West Carleton Online dropped by The Olde Meeting House in Fitzroy Harbour yesterday (Oct. 25) around noon where artists woodturner John Chamney and potter Carl Holmes-Kerr were set up – a new location on this year’s tour.

“We had a super day yesterday (Oct. 24),” Chamney, who has been on the tour for the last four years, told West Carleton Online. “Busier than normal. Today would be normal.”

Potter Carol Holmes-Kerr and some of her whimsical creations. Photo by Jake Davies
Potter Carol Holmes-Kerr and some of her whimsical creations. Photo by Jake Davies

Studio four of 10 on the tour, the location’s logbook had 83 people signed in. The sign-in was for contact tracing if necessary and Holmes-Kerr says that the true number was “probably closer to 100,” as often one person would sign in for the entire bubble.

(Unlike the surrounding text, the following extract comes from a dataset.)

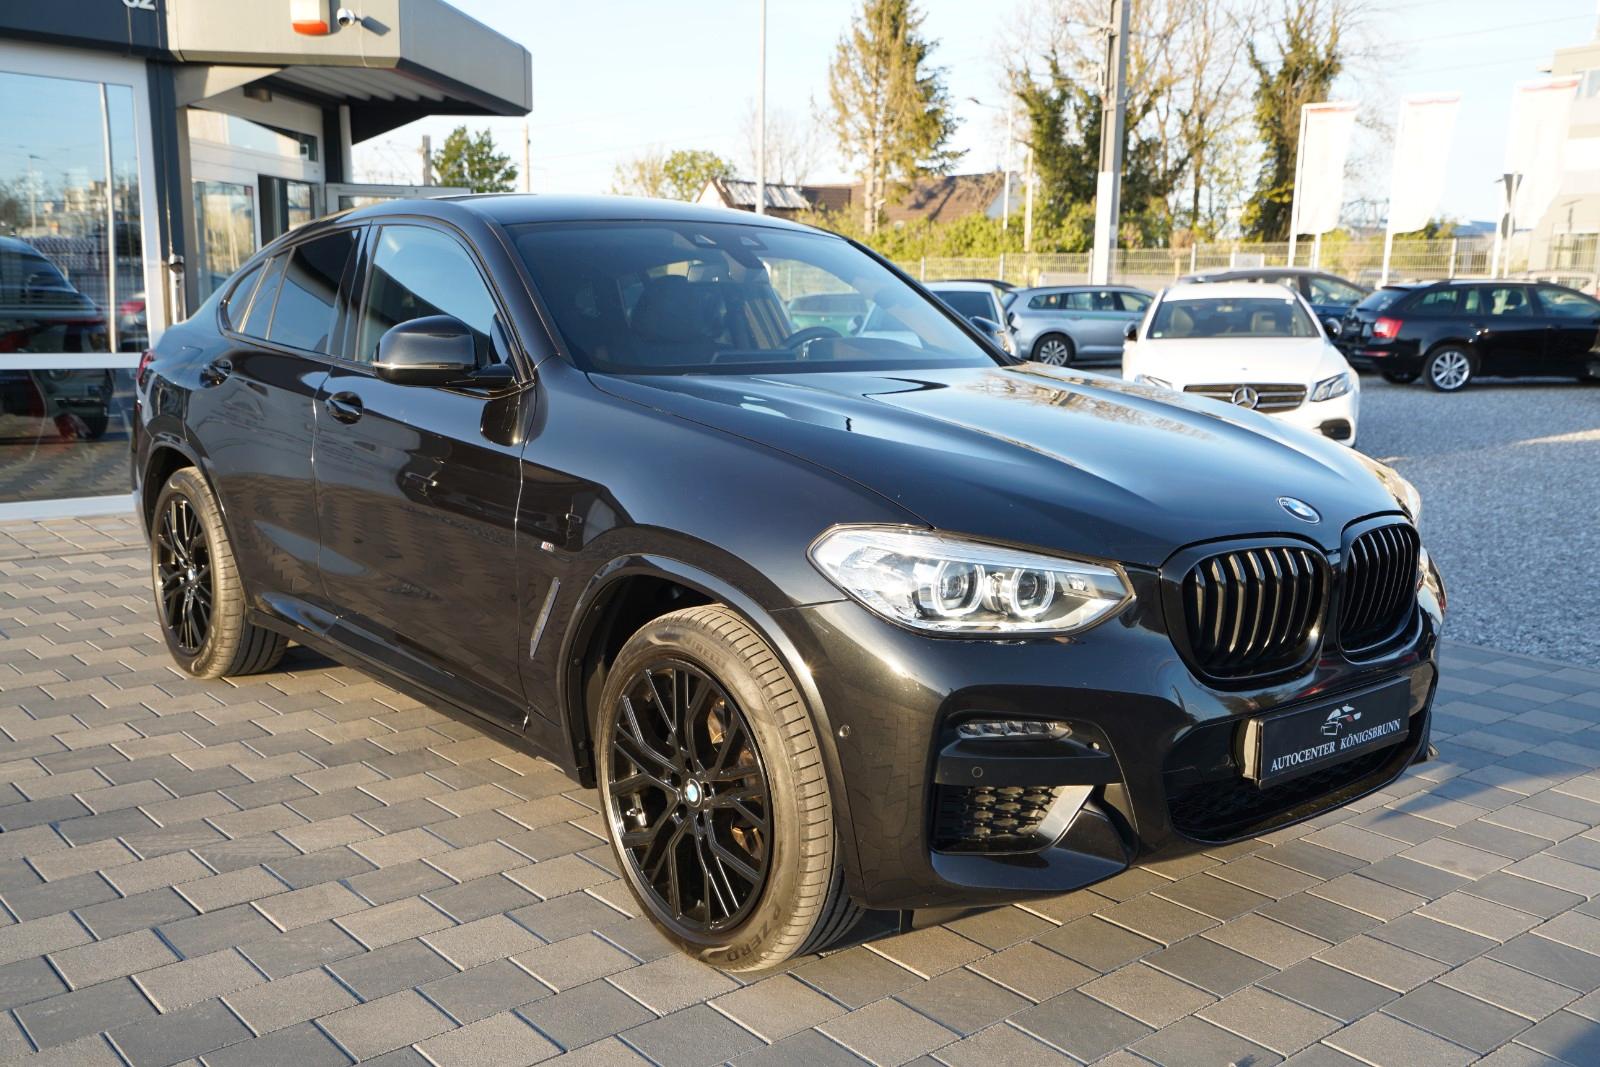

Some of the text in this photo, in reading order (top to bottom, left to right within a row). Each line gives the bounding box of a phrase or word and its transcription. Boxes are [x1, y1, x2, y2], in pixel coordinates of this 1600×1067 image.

[1271, 718, 1401, 772] AUTOCENTER KÖNIGSBRUNN
[727, 919, 773, 962] ZERO

“It was a very busy day yesterday,” Holmes-Kerr said. “It’s slow to start today but picking up now.”

Holmes-Kerr has also been on the tour for about four years and is regularly partnered with Chamney. Usually the two are at St. Mary’s Church in Dunrobin, but due to COVID-19 restrictions, tour organizers were unable to use the church this fall.

Holmes-Kerr feels this year’s success is based in part on a renewed focus on shopping local.

“I think people are looking for one of a kind, local stuff,” she said. “I’m happy with the sales we’ve had this weekend.”

Another contributing factor may be this is one of the first West Carleton public events to be held in the age of COVID-19.

“Finally, there’s something to do,” Chamney said.

And the two artists are happy to make some room in their workshops.

“Things are piling up,” Holmes-Kerr said. “John and I were saying, we just want to make things.”